● **TASK GOAL**
Each entry below should be echoed exactly, with pictures omitted.

● **AVAILABLE RECORDS**
════

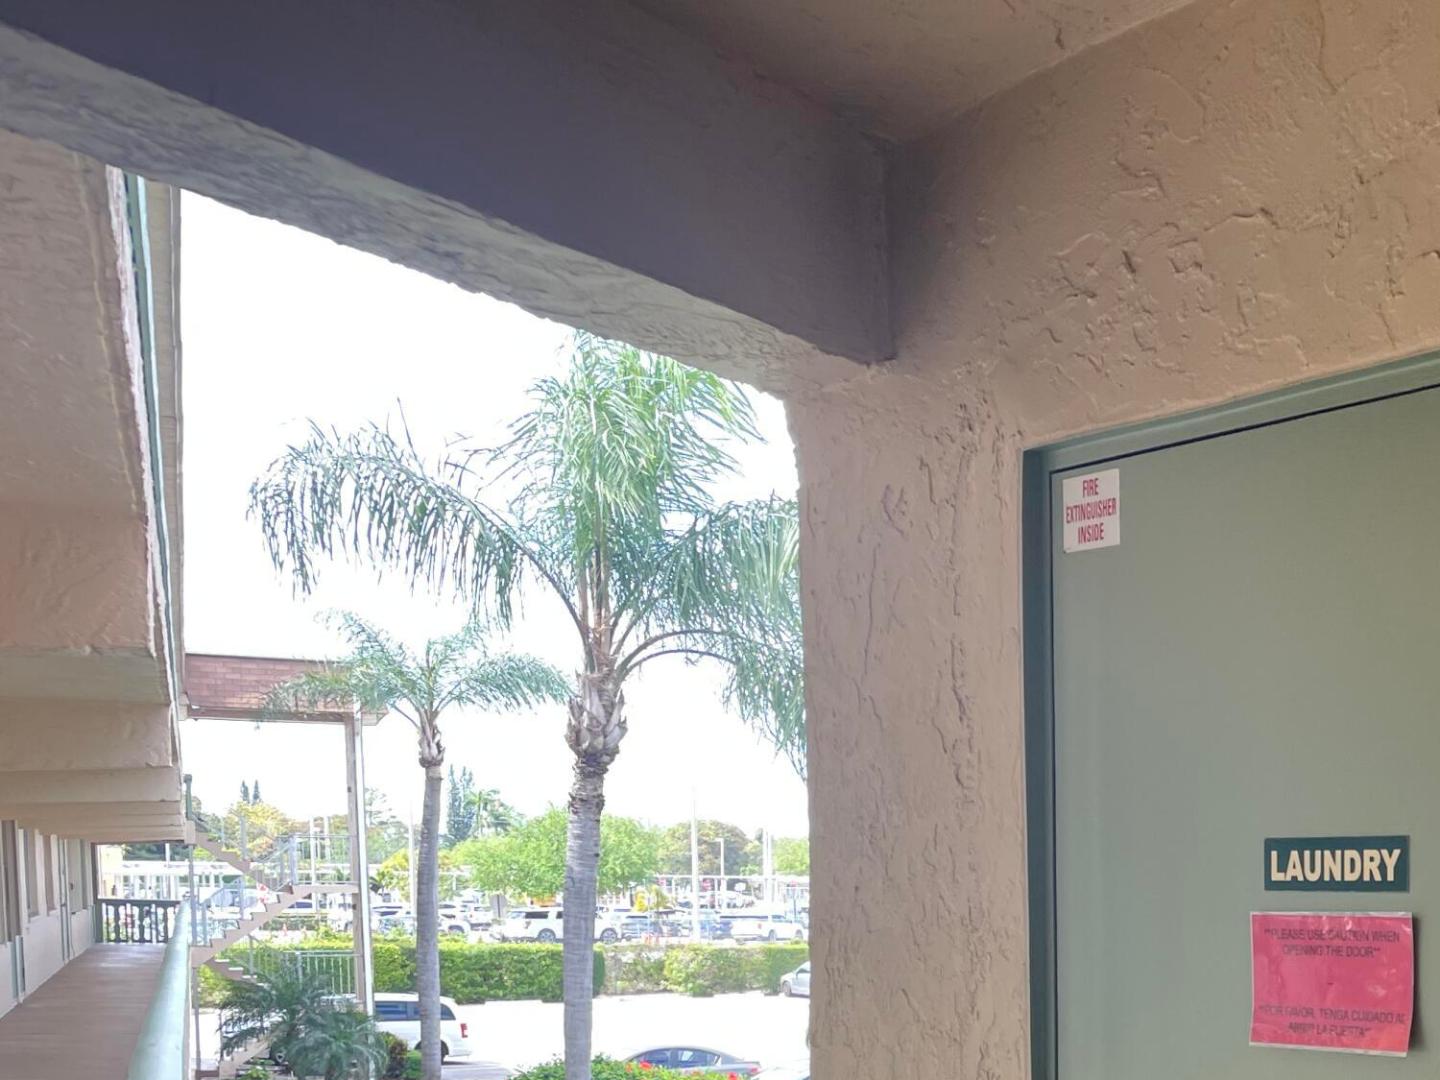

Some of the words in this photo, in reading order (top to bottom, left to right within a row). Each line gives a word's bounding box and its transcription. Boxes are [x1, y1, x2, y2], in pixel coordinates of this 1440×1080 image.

[1083, 478, 1099, 497] FIRE
[1066, 498, 1117, 524] EXTINGUISHER
[1078, 523, 1104, 544] INSIDE
[1271, 849, 1400, 882] LAUNDRY
[1371, 930, 1400, 942] WHEN
[1325, 945, 1343, 956] THE

════

● **RESULT FOR THIS EXERCISE**
Some of the words in this photo, in reading order (top to bottom, left to right within a row). Each line gives a word's bounding box and its transcription. Boxes are [x1, y1, x2, y2], in pixel coordinates of this 1440×1080 image.

[1083, 478, 1099, 497] FIRE
[1066, 498, 1117, 524] EXTINGUISHER
[1078, 523, 1104, 544] INSIDE
[1271, 849, 1400, 882] LAUNDRY
[1371, 930, 1400, 942] WHEN
[1325, 945, 1343, 956] THE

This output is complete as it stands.